The Term Loan is secured by a lien on substantially all of the assets of the Borrowers, other than the equity interests
of Verona U.S. and other than intellectual property, provided that such lien on substantially all assets includes any
rights to payments and proceeds from the sale, licensing or disposition of intellectual property. The Borrowers have
also granted SVB a negative pledge with respect to its intellectual property.

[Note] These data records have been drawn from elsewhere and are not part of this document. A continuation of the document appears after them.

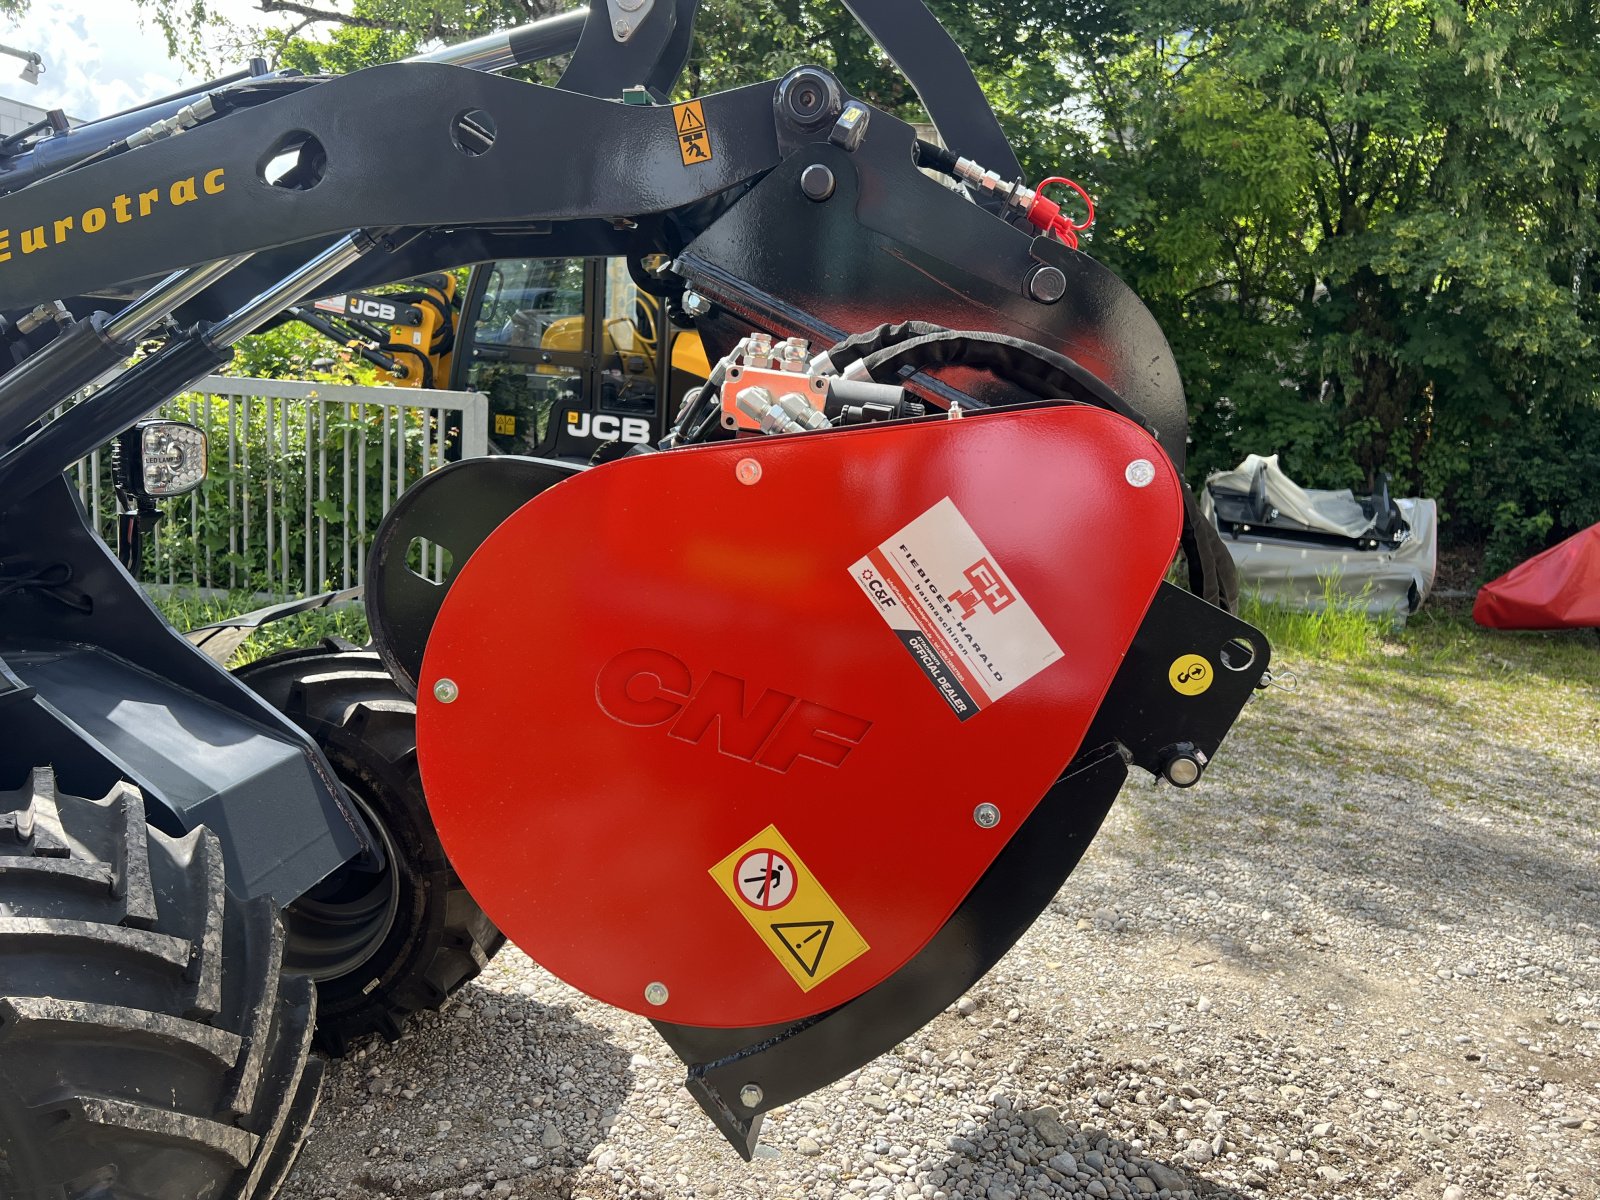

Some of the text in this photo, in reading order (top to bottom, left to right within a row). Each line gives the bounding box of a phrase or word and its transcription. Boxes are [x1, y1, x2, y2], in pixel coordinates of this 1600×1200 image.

[349, 298, 396, 321] JCB
[567, 412, 650, 445] JCB
[868, 579, 897, 608] C&F
[970, 564, 1010, 608] FH
[913, 582, 969, 656] baumaschinen
[915, 635, 941, 666] ATTACHMENTS
[908, 637, 941, 678] OFFICIAL
[936, 675, 968, 713] DEALER
[595, 647, 873, 774] CNF
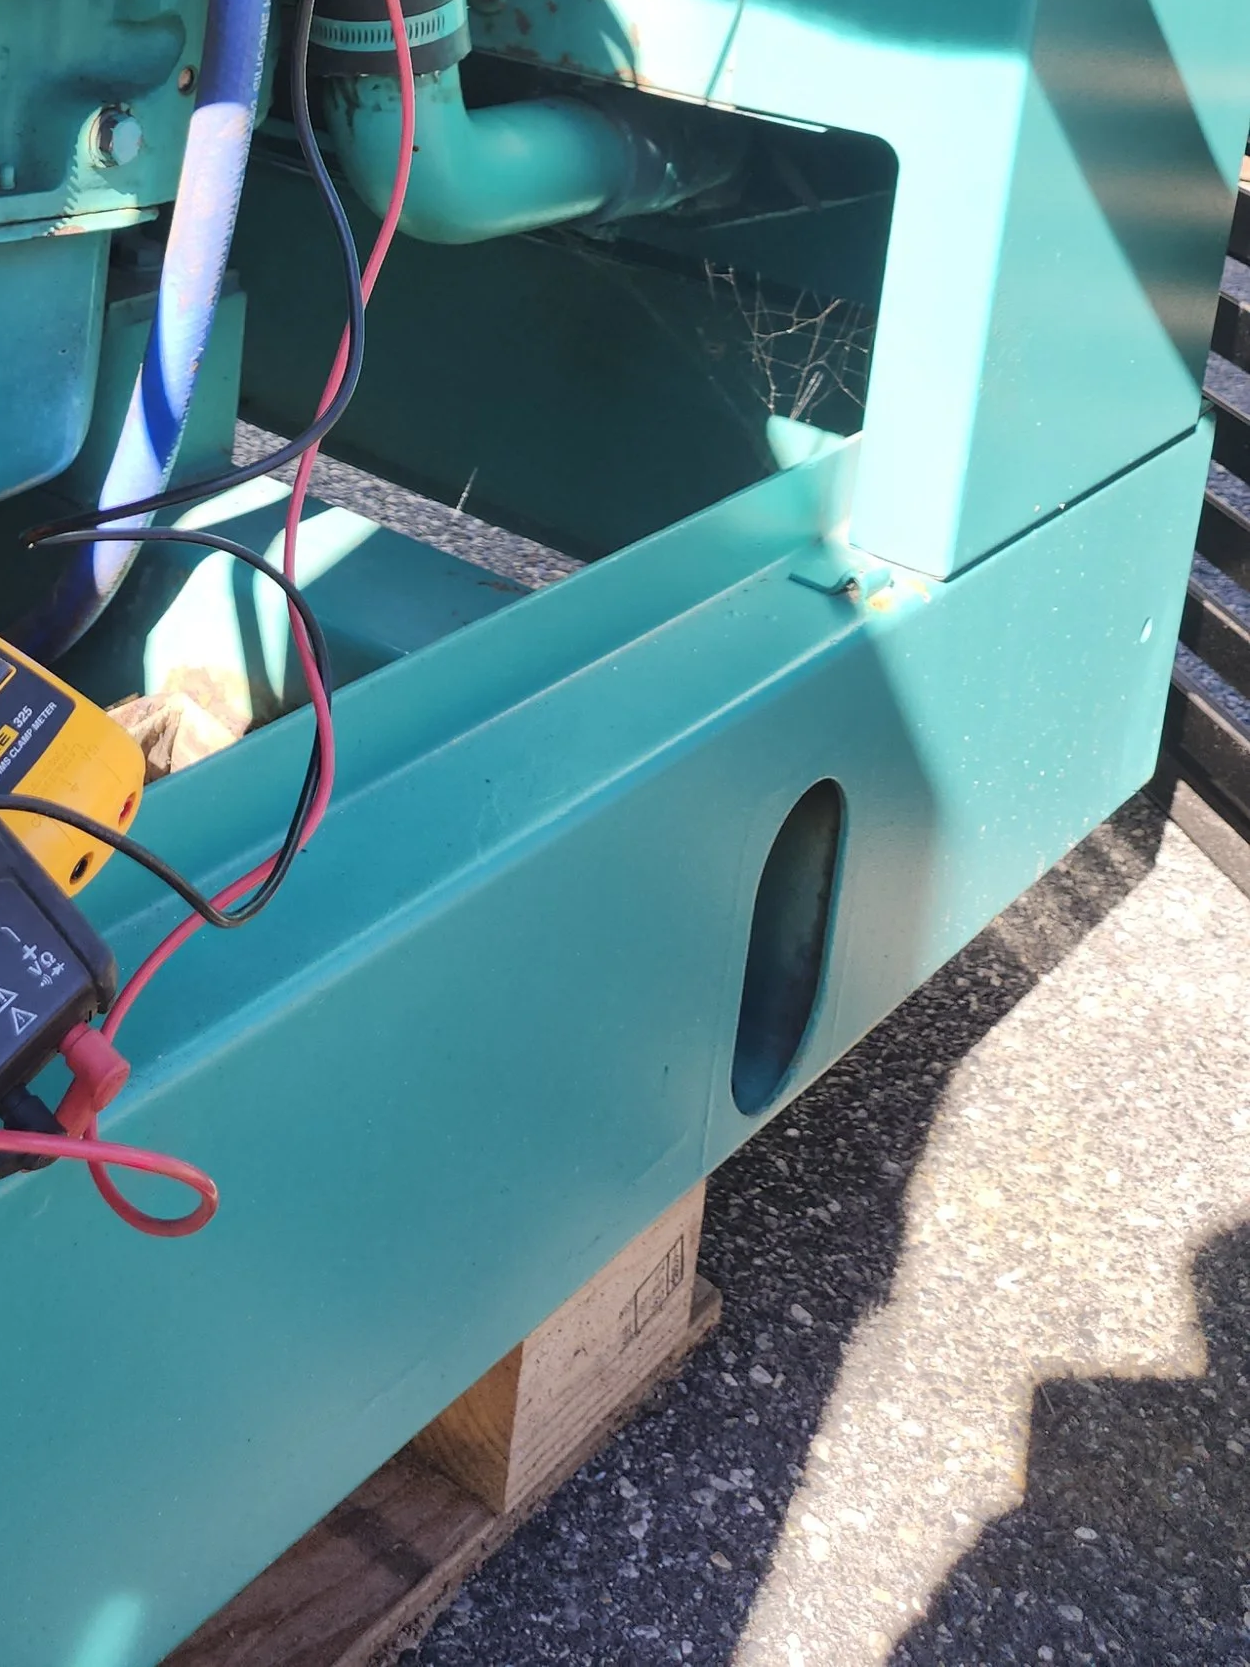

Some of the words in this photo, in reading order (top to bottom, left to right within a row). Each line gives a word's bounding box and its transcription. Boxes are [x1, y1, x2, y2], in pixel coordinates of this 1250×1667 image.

[9, 729, 33, 758] CLAMP
[31, 701, 57, 730] METER
[13, 705, 33, 728] 325

The Loan Agreement contains customary covenants and representations, including but not limited to financial
reporting obligations and limitations on dividends, indebtedness, collateral, investments, distributions, transfers,
mergers or acquisitions, taxes, corporate changes, deposit accounts, and subsidiaries. The Loan Agreement also
contains other customary provisions, such as expense reimbursement, non-disclosure obligations as well as
indemnification rights for the benefit of SVB. The Loan Agreement includes a minimum cash covenant triggered
when Borrowers' consolidated cash and cash equivalents drop below $45.0 million at any time after the earliest to
occur of any of the following: (i) the release of negative data from Enhance 2 and/or Enhance 1, which in the
reasonable business discretion Borrowers’ senior management, would be considered insufficient to support
submission of an NDA to the FDA, (ii) the FDA issues a complete response letter with respect to an NDA submitted
for ensifentrine, or (iii) failure to achieve a specific regulatory milestone relating to ensifentrine by June 30, 2023
(extendable to March 31, 2024 upon the Borrowers receiving a specified amount of new cash proceeds after
September 8, 2020 from the sale of equity securities in one or more public financings or other bona fide equity
financings, subordinated debt and/or upfront/milestone payments from one or more collaboration agreements not
prohibited in the Loan Agreement). Upon such trigger, Borrowers must cash collateralize an amount equal to the
outstanding obligations to SVB plus the amount of any prepayment penalty and Final Payment which would be due
in the event the Loan Agreement were prepaid in full with respect to the Term Loans advanced as of such time.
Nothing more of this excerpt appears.